→ PROBLEM
Only the pictures stay out; please return all the entries below exactly as written.

→ PROVIDED INFORMATION
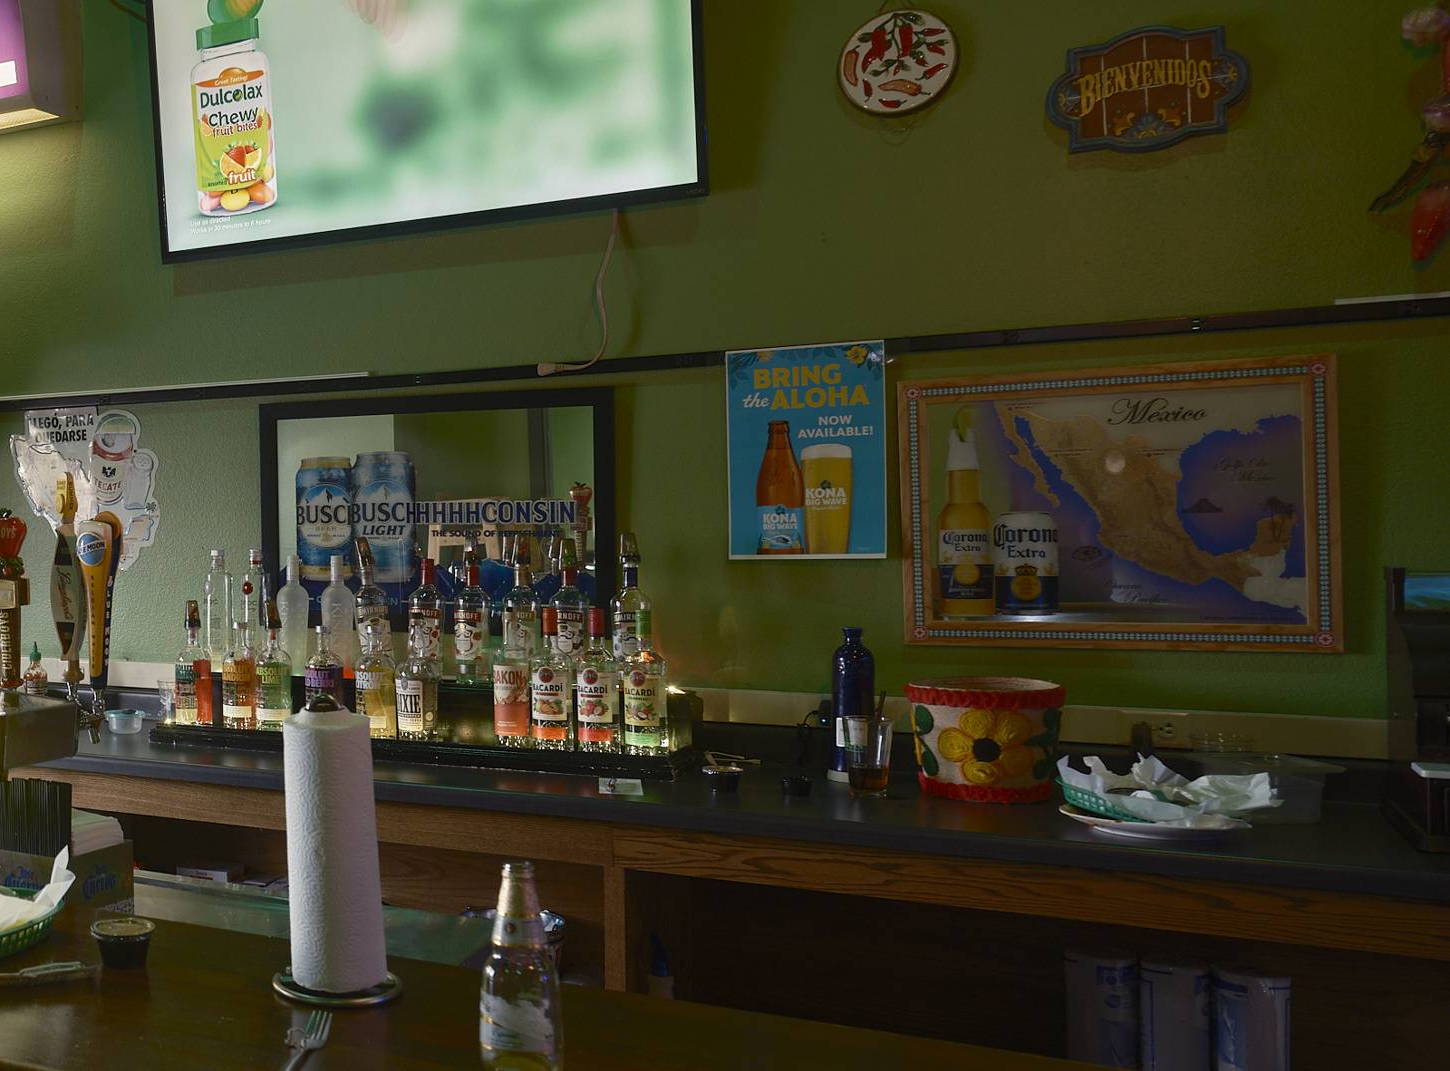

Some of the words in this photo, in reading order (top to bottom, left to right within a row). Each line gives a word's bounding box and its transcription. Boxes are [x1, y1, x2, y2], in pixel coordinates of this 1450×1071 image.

[1075, 58, 1212, 118] BIENVENIDOS
[200, 84, 263, 109] Dulcolax
[213, 126, 233, 137] fruit
[237, 121, 258, 132] bites
[228, 168, 256, 185] fruit
[753, 364, 842, 389] BRING
[742, 392, 771, 408] the
[770, 384, 870, 410] ALOHA
[65, 414, 94, 428] PARA
[818, 415, 853, 426] NOW
[798, 425, 874, 439] AVAILABLE!
[94, 478, 121, 491] TECATE
[805, 487, 847, 498] KONA
[805, 498, 821, 506] BIG
[822, 497, 848, 505] WAVE
[762, 512, 798, 523] KONA
[362, 524, 407, 537] LIGHT
[431, 530, 448, 538] THE
[449, 530, 481, 538] SOUND
[483, 530, 496, 538] OF
[86, 541, 106, 552] MOON
[955, 543, 981, 552] Extra
[1007, 544, 1046, 558] Extra
[557, 611, 582, 622] RNOFF
[613, 613, 635, 622] SMIRN
[1, 611, 13, 670] CIDERBOYS
[261, 675, 280, 685] LIME
[533, 684, 563, 692] BACARDÍ

→ RESPONSE AREA
Some of the words in this photo, in reading order (top to bottom, left to right within a row). Each line gives a word's bounding box and its transcription. Boxes are [x1, y1, x2, y2], in pixel coordinates of this 1450×1071 image.

[1075, 58, 1212, 118] BIENVENIDOS
[200, 84, 263, 109] Dulcolax
[213, 126, 233, 137] fruit
[237, 121, 258, 132] bites
[228, 168, 256, 185] fruit
[753, 364, 842, 389] BRING
[742, 392, 771, 408] the
[770, 384, 870, 410] ALOHA
[65, 414, 94, 428] PARA
[818, 415, 853, 426] NOW
[798, 425, 874, 439] AVAILABLE!
[94, 478, 121, 491] TECATE
[805, 487, 847, 498] KONA
[805, 498, 821, 506] BIG
[822, 497, 848, 505] WAVE
[762, 512, 798, 523] KONA
[362, 524, 407, 537] LIGHT
[431, 530, 448, 538] THE
[449, 530, 481, 538] SOUND
[483, 530, 496, 538] OF
[86, 541, 106, 552] MOON
[955, 543, 981, 552] Extra
[1007, 544, 1046, 558] Extra
[557, 611, 582, 622] RNOFF
[613, 613, 635, 622] SMIRN
[1, 611, 13, 670] CIDERBOYS
[261, 675, 280, 685] LIME
[533, 684, 563, 692] BACARDÍ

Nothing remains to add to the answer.